Required action >> Please repeat the records below exactly, skipping any pictures.
Segment Start: Dataset
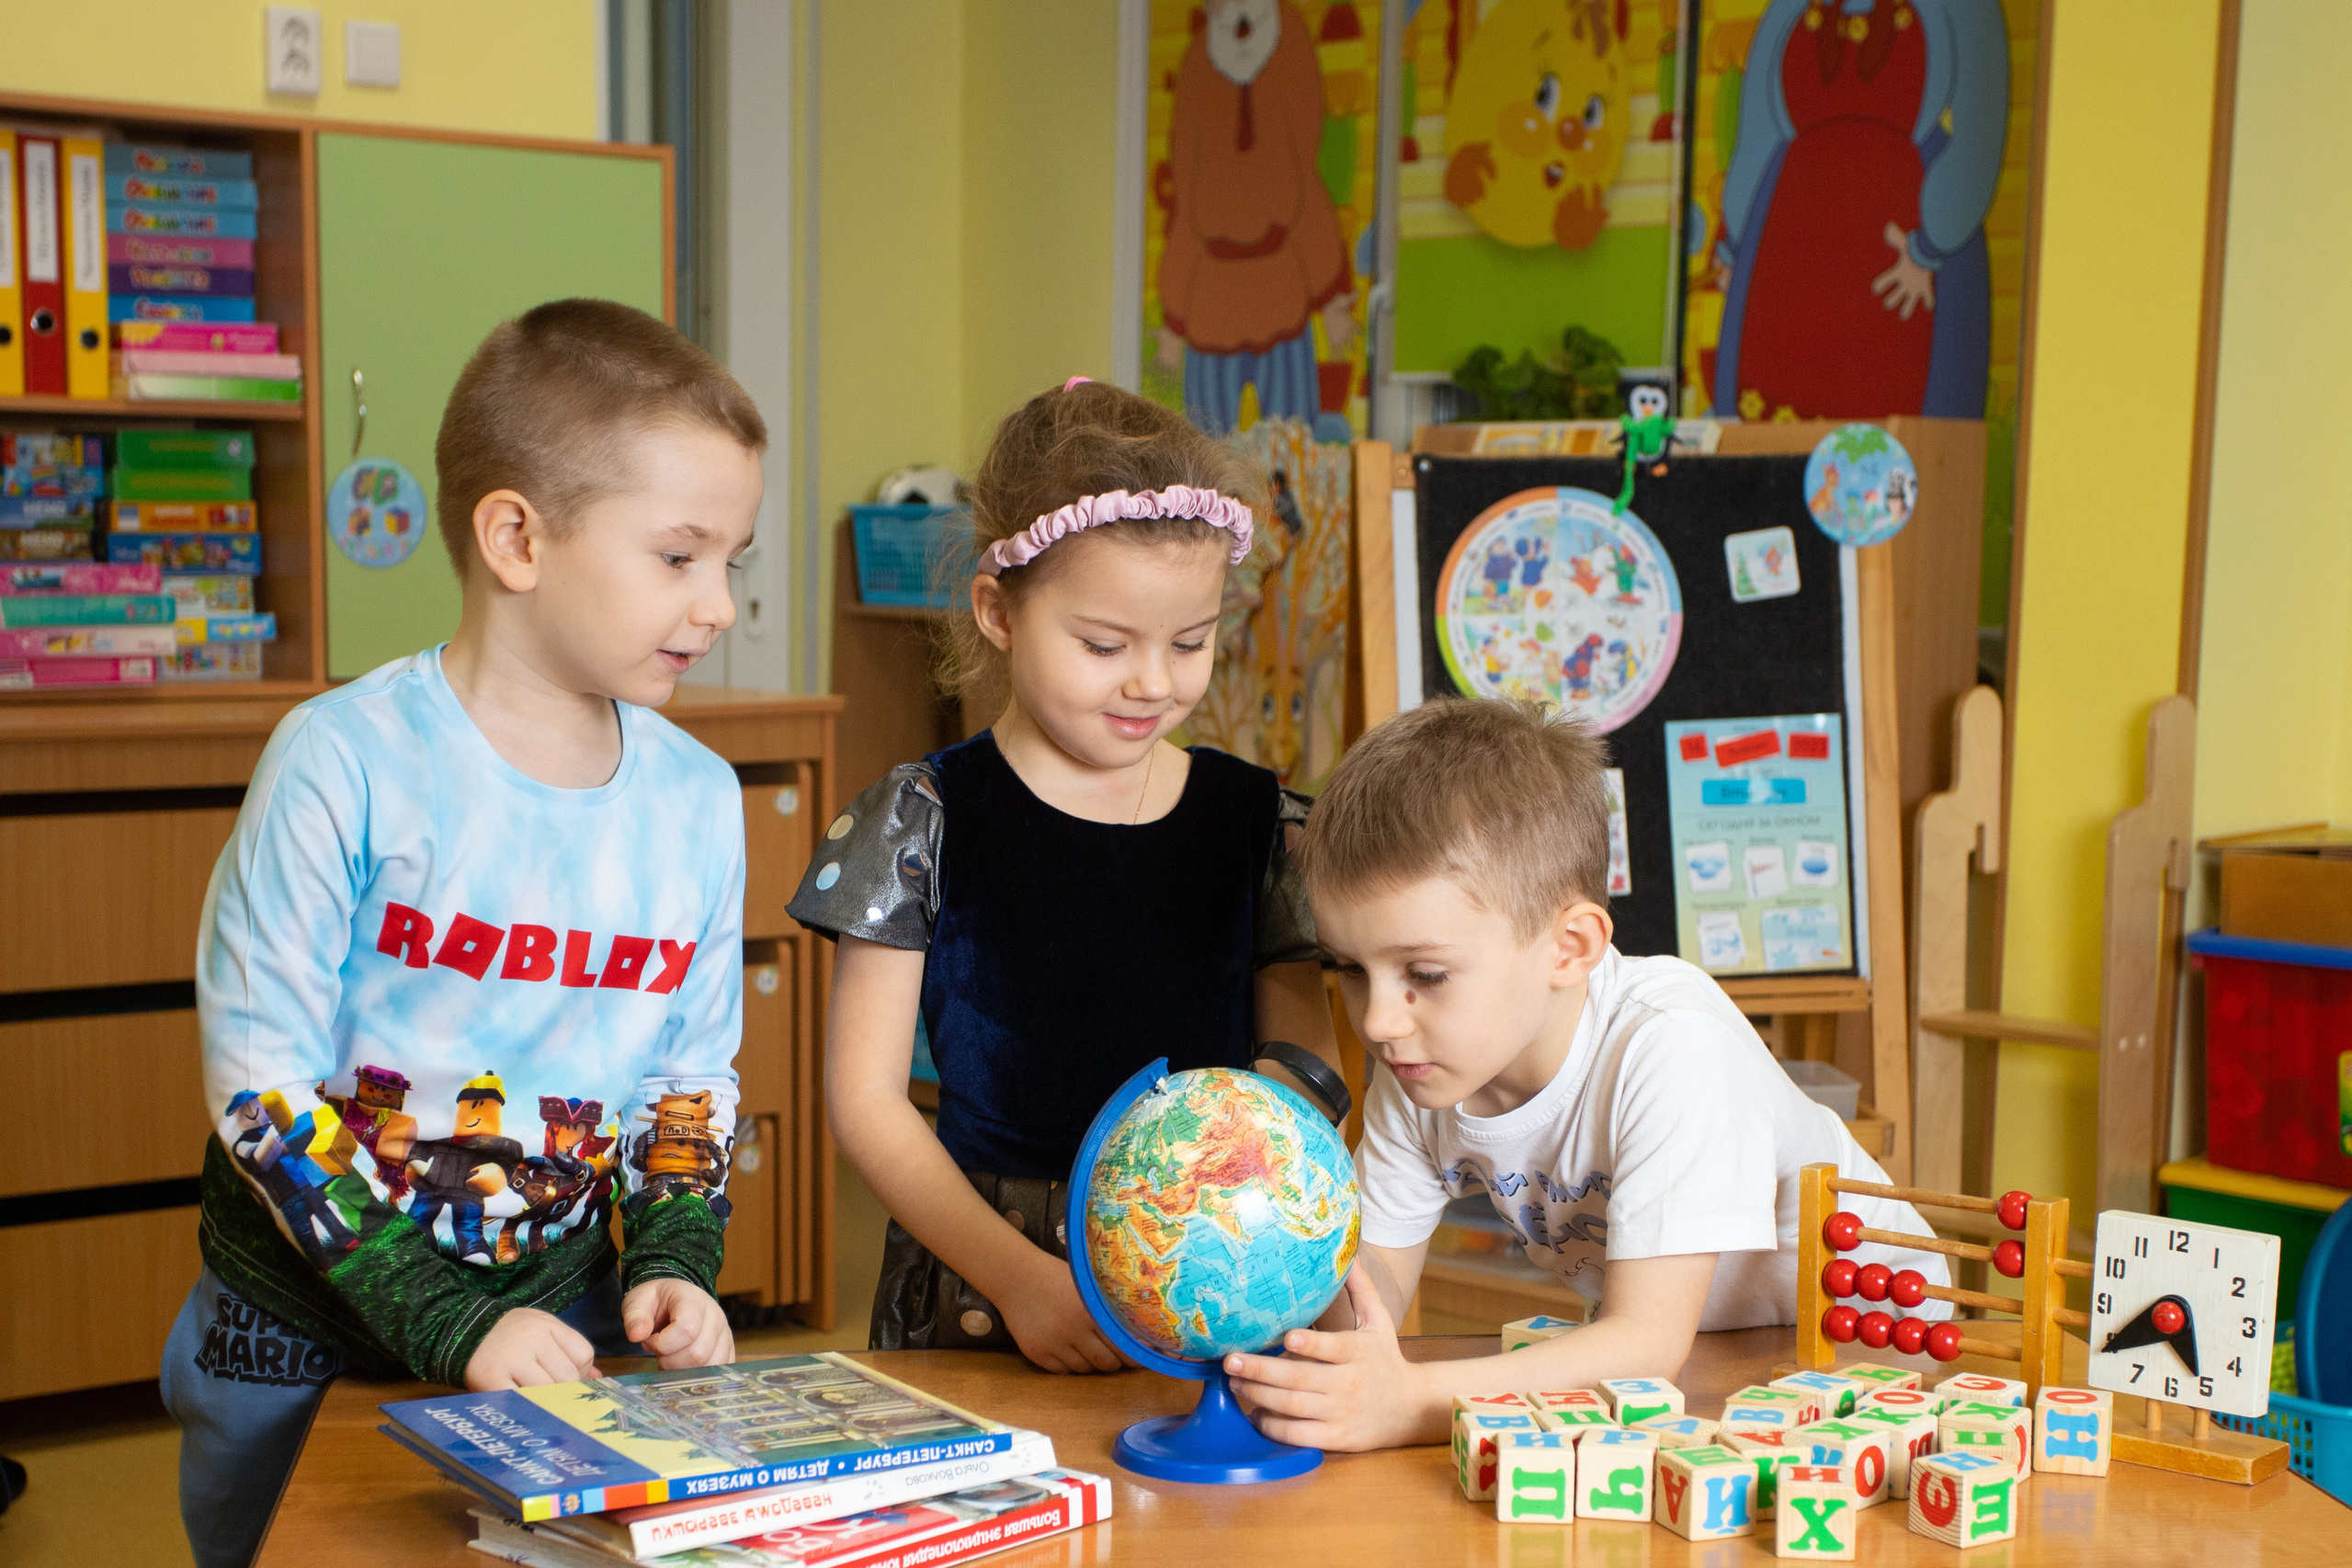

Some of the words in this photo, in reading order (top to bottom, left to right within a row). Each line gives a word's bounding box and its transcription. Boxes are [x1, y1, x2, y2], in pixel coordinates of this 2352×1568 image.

[376, 901, 697, 995] ROBLOX
[2134, 1236, 2148, 1258] 11
[2169, 1230, 2189, 1253] 12
[2106, 1256, 2126, 1279] 10
[2214, 1247, 2220, 1269] 1
[2231, 1277, 2246, 1298] 2
[2097, 1292, 2112, 1314] 9
[2242, 1317, 2256, 1338] 3
[194, 1321, 338, 1386] MARIO
[2129, 1363, 2145, 1384] 7
[2227, 1357, 2242, 1377] 4
[1784, 1372, 1851, 1390] М
[2165, 1376, 2178, 1398] 6
[2199, 1376, 2214, 1398] 5
[1873, 1391, 1926, 1404] О
[2046, 1391, 2098, 1403] О
[464, 1403, 534, 1438] МУЗЕЯХ
[425, 1407, 564, 1485] САНКТ-ПЕТЕРБУРГ
[521, 1437, 549, 1448] О
[2046, 1408, 2100, 1462] Н
[536, 1447, 608, 1477] ДЕТЯМ
[852, 1438, 996, 1473] САНКТ-ПЕТЕРБУРГ
[756, 1471, 769, 1485] О
[773, 1459, 831, 1483] ДЕТЯМ
[904, 1468, 954, 1486] Волкова
[955, 1461, 990, 1477] Ольга
[1855, 1445, 1885, 1498] О
[686, 1474, 754, 1495] МУЗЕЯХ
[1511, 1466, 1567, 1520] П
[1660, 1465, 1688, 1525] А
[1703, 1474, 1753, 1535] Й
[1004, 1508, 1062, 1539] Большая
[902, 1526, 1003, 1567] энциклопедия
Segment End: Dataset
Written reply >>
Some of the words in this photo, in reading order (top to bottom, left to right within a row). Each line gives a word's bounding box and its transcription. Boxes are [x1, y1, x2, y2], in pixel coordinates of this 2352×1568 image.

[376, 901, 697, 995] ROBLOX
[2134, 1236, 2148, 1258] 11
[2169, 1230, 2189, 1253] 12
[2106, 1256, 2126, 1279] 10
[2214, 1247, 2220, 1269] 1
[2231, 1277, 2246, 1298] 2
[2097, 1292, 2112, 1314] 9
[2242, 1317, 2256, 1338] 3
[194, 1321, 338, 1386] MARIO
[2129, 1363, 2145, 1384] 7
[2227, 1357, 2242, 1377] 4
[1784, 1372, 1851, 1390] М
[2165, 1376, 2178, 1398] 6
[2199, 1376, 2214, 1398] 5
[1873, 1391, 1926, 1404] О
[2046, 1391, 2098, 1403] О
[464, 1403, 534, 1438] МУЗЕЯХ
[425, 1407, 564, 1485] САНКТ-ПЕТЕРБУРГ
[521, 1437, 549, 1448] О
[2046, 1408, 2100, 1462] Н
[536, 1447, 608, 1477] ДЕТЯМ
[852, 1438, 996, 1473] САНКТ-ПЕТЕРБУРГ
[756, 1471, 769, 1485] О
[773, 1459, 831, 1483] ДЕТЯМ
[904, 1468, 954, 1486] Волкова
[955, 1461, 990, 1477] Ольга
[1855, 1445, 1885, 1498] О
[686, 1474, 754, 1495] МУЗЕЯХ
[1511, 1466, 1567, 1520] П
[1660, 1465, 1688, 1525] А
[1703, 1474, 1753, 1535] Й
[1004, 1508, 1062, 1539] Большая
[902, 1526, 1003, 1567] энциклопедия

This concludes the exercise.